»»

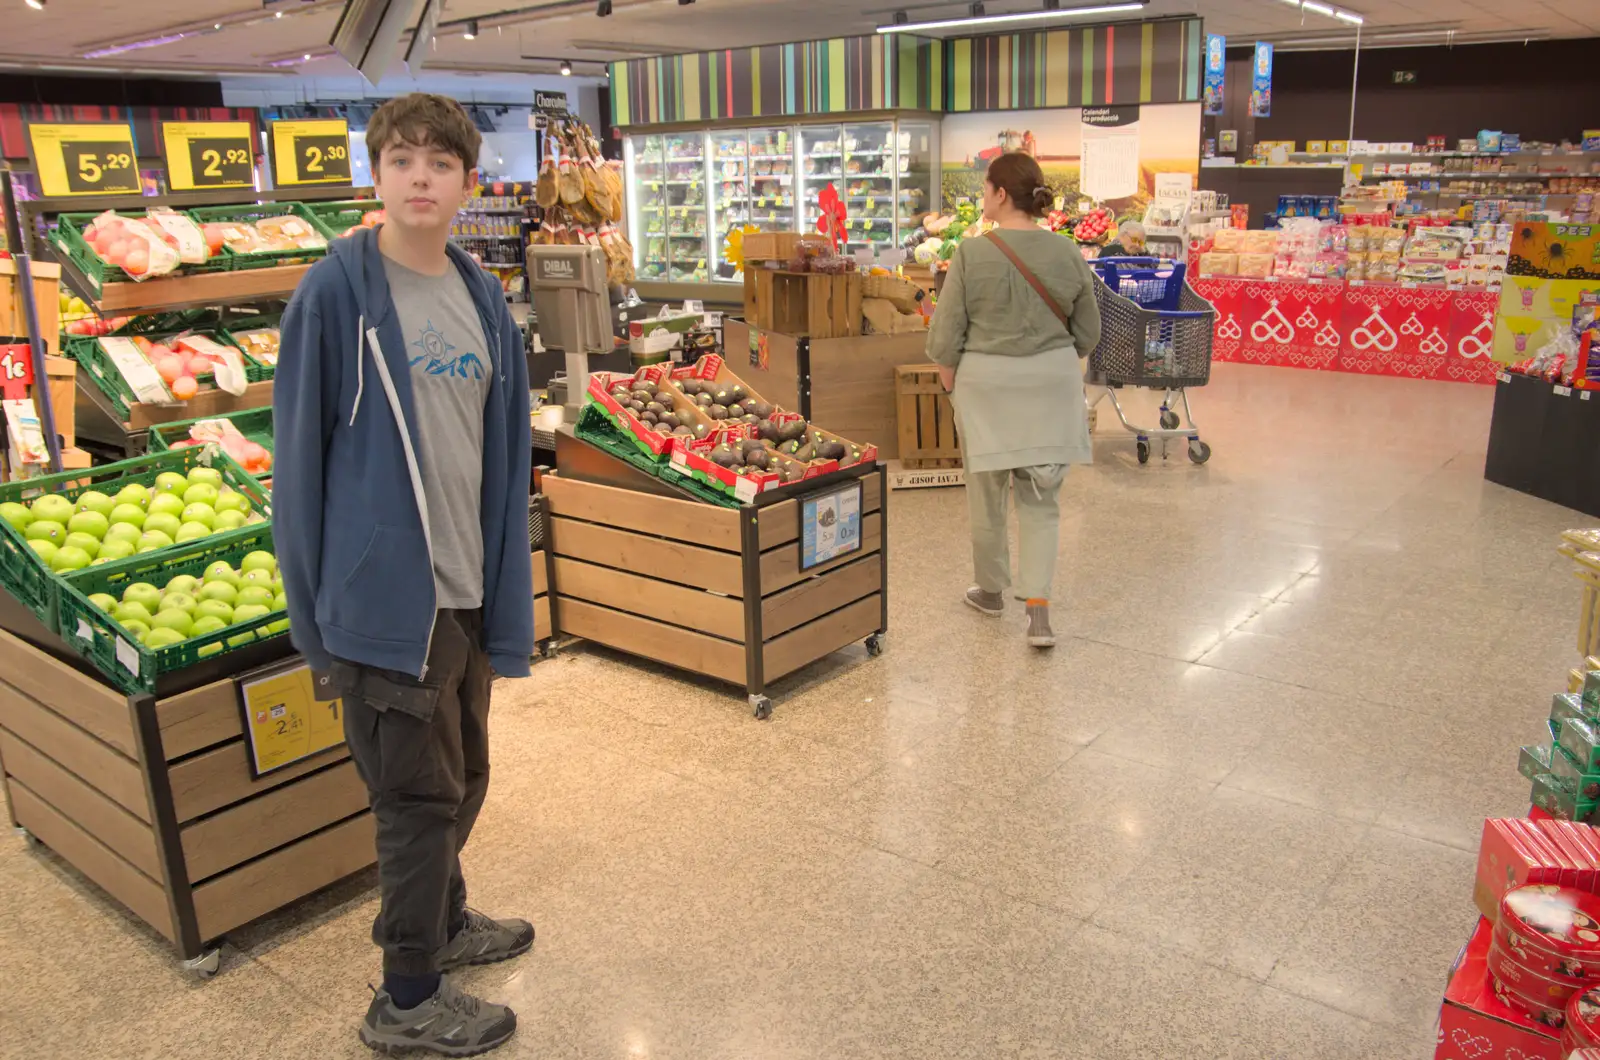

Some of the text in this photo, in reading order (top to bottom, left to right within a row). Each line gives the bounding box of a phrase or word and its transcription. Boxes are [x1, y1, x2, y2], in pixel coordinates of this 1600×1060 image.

[1090, 114, 1119, 123] producció
[78, 153, 131, 183] 5,29
[201, 149, 249, 177] 2,92
[305, 145, 346, 172] 2,30
[1555, 225, 1592, 237] PEZ
[543, 259, 574, 273] DIBAL
[0, 350, 26, 380] 1€
[909, 476, 935, 485] JOSEP

««

Print every entry verbatim and leave all pictures out.

Some of the text in this photo, in reading order (top to bottom, left to right within a row). Each line gives the bounding box of a phrase or word and its transcription. Boxes are [x1, y1, x2, y2], in pixel coordinates of this 1600×1060 image.

[1090, 114, 1119, 123] producció
[78, 153, 131, 183] 5,29
[201, 149, 249, 177] 2,92
[305, 145, 346, 172] 2,30
[1555, 225, 1592, 237] PEZ
[543, 259, 574, 273] DIBAL
[0, 350, 26, 380] 1€
[909, 476, 935, 485] JOSEP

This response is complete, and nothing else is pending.